[Spatial localization data]
↓↓↓

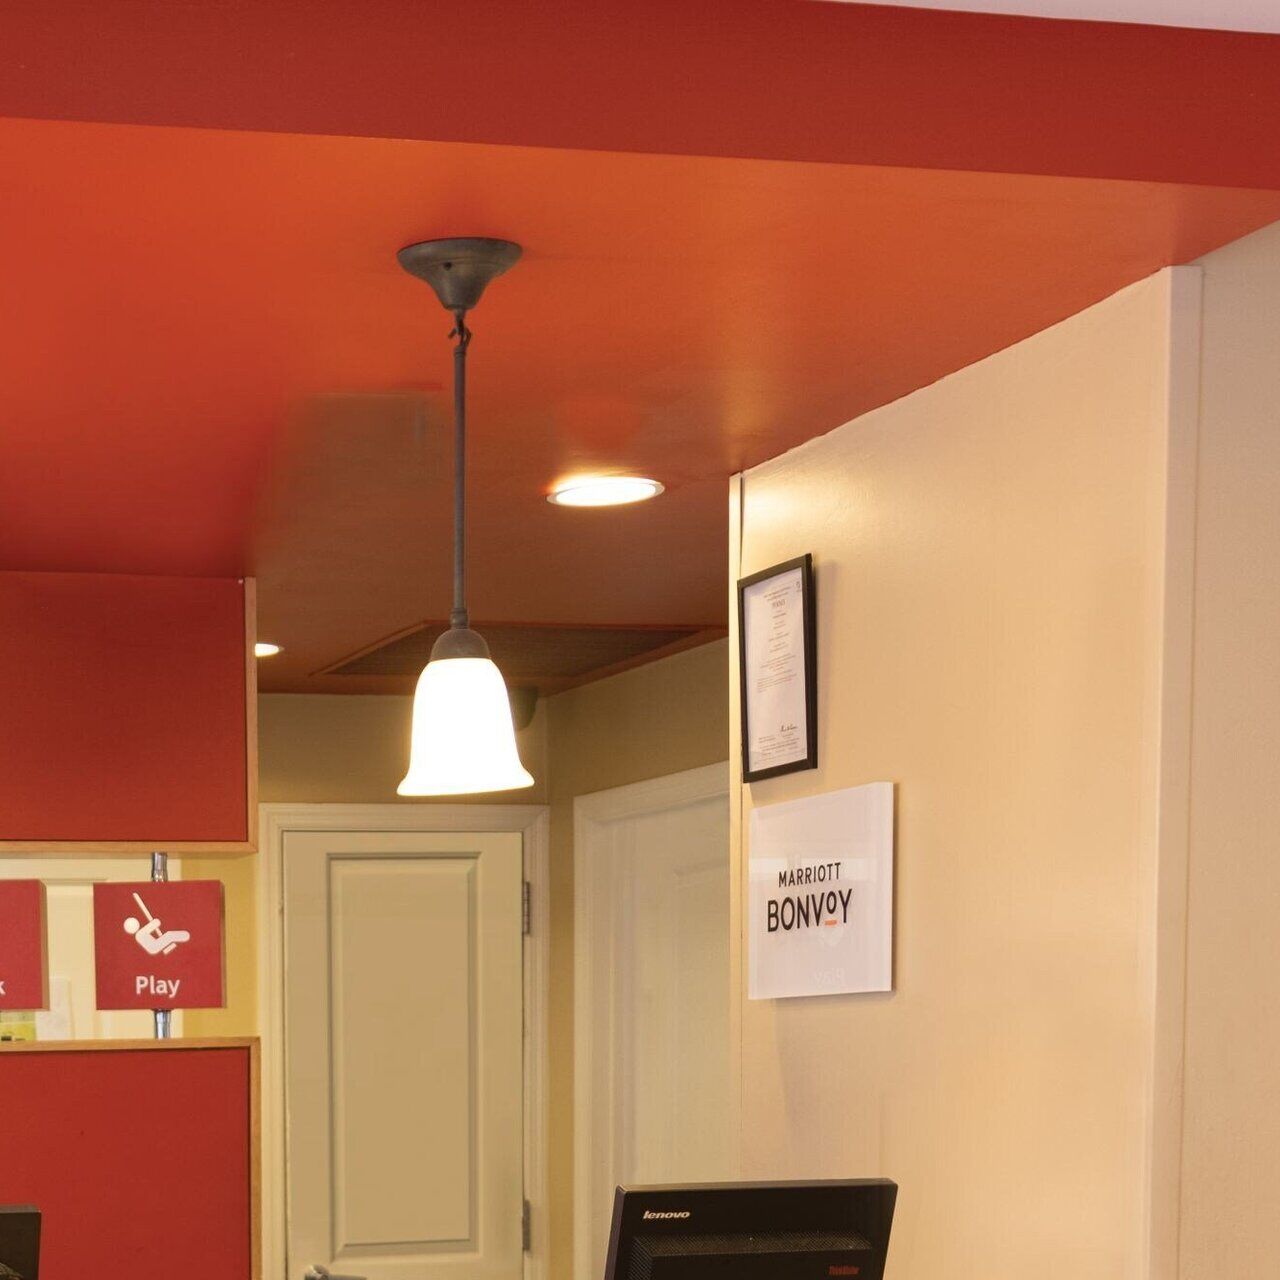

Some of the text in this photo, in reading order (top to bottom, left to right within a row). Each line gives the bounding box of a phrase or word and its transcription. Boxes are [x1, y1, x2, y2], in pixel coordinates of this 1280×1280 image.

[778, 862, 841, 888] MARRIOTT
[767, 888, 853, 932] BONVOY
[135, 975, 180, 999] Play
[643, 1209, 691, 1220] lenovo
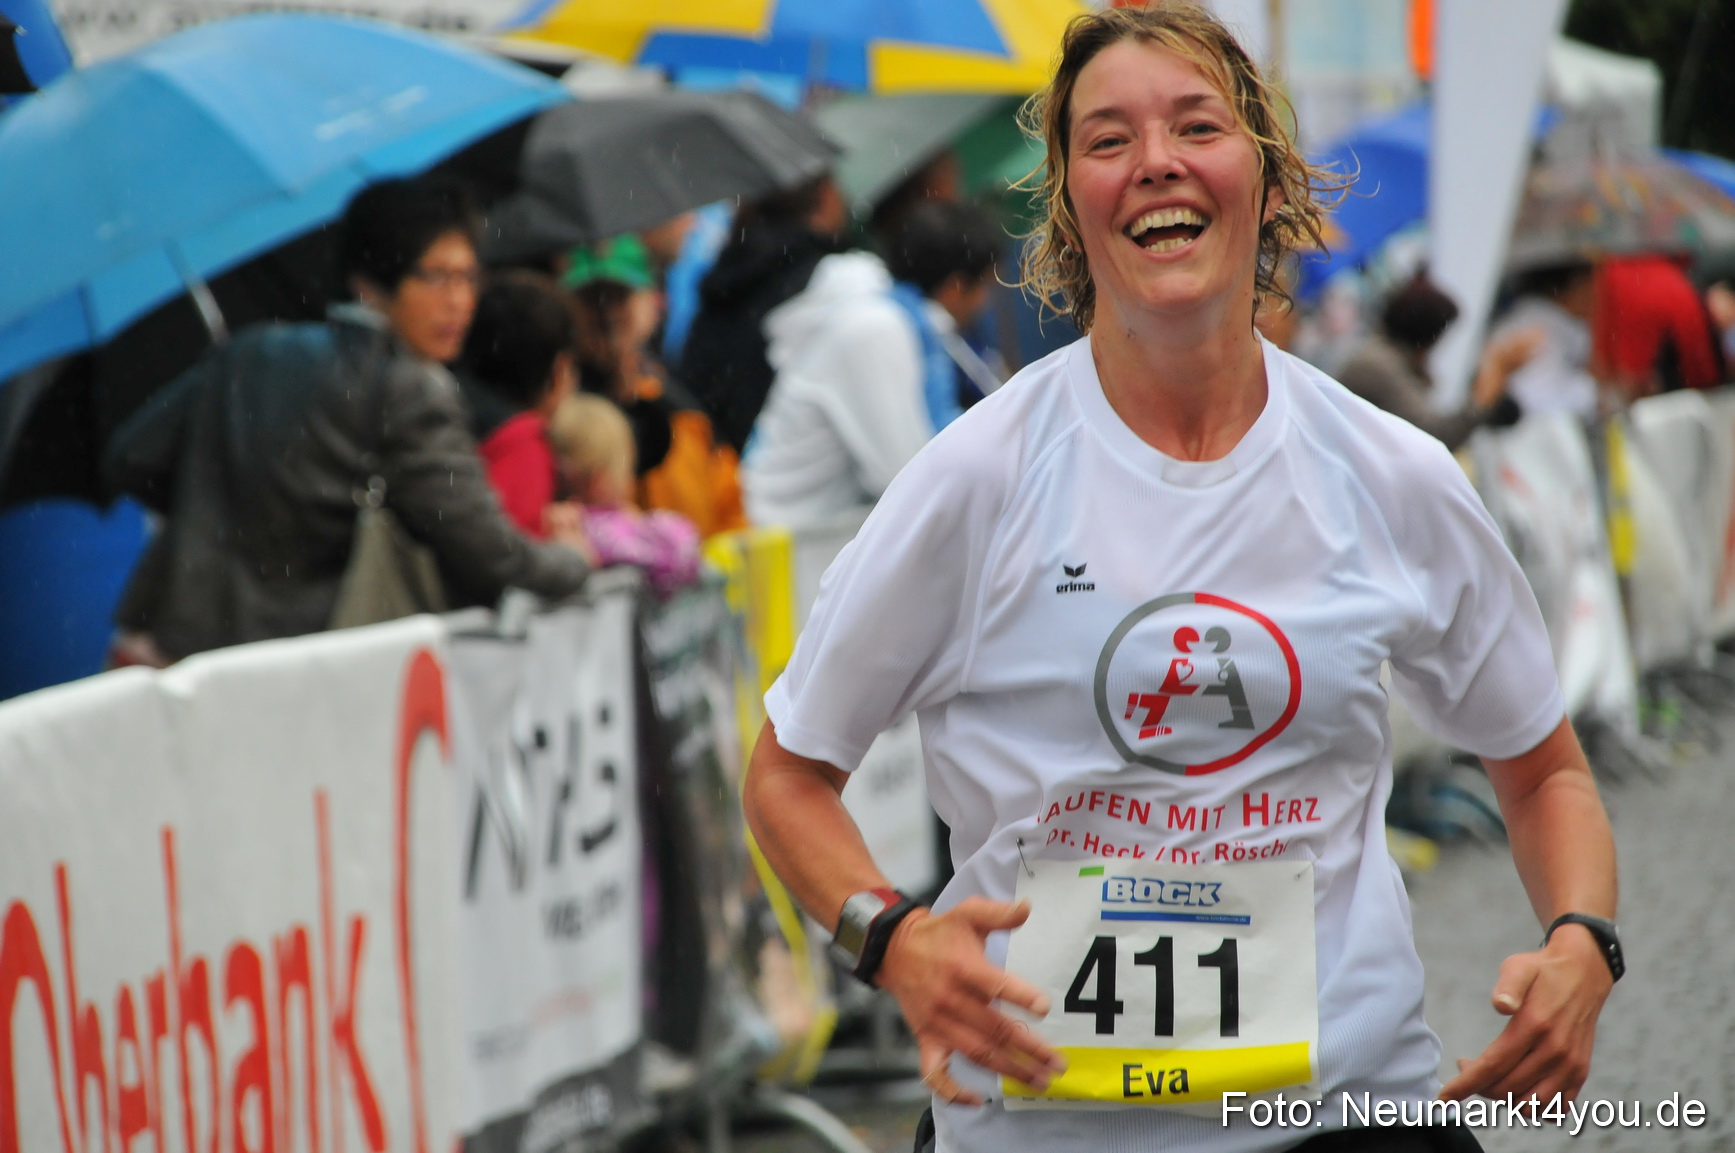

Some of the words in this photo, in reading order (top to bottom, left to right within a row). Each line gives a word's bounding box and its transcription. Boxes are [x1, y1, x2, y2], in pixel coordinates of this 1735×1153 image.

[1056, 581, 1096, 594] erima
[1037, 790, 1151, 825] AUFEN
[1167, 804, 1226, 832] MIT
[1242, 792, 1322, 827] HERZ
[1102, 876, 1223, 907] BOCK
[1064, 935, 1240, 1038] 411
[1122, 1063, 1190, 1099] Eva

↑↑↑

**What this task involves**
Leaving the pictures out, set down all of the data again exactly.

**Response box**
Some of the text in this photo, in reading order (top to bottom, left to right within a row). Each line gives the bounding box of a phrase or word and its transcription. Boxes are [x1, y1, x2, y2], in pixel coordinates of this 1280×1280 image.

[778, 862, 841, 888] MARRIOTT
[767, 888, 853, 932] BONVOY
[135, 975, 180, 999] Play
[643, 1209, 691, 1220] lenovo

Some of the words in this photo, in reading order (top to bottom, left to right within a row). Each line gives a word's bounding box and its transcription. Boxes are [x1, y1, x2, y2], in pixel coordinates of this 1735×1153 image.

[1056, 581, 1096, 594] erima
[1037, 790, 1151, 825] AUFEN
[1167, 804, 1226, 832] MIT
[1242, 792, 1322, 827] HERZ
[1102, 876, 1223, 907] BOCK
[1064, 935, 1240, 1038] 411
[1122, 1063, 1190, 1099] Eva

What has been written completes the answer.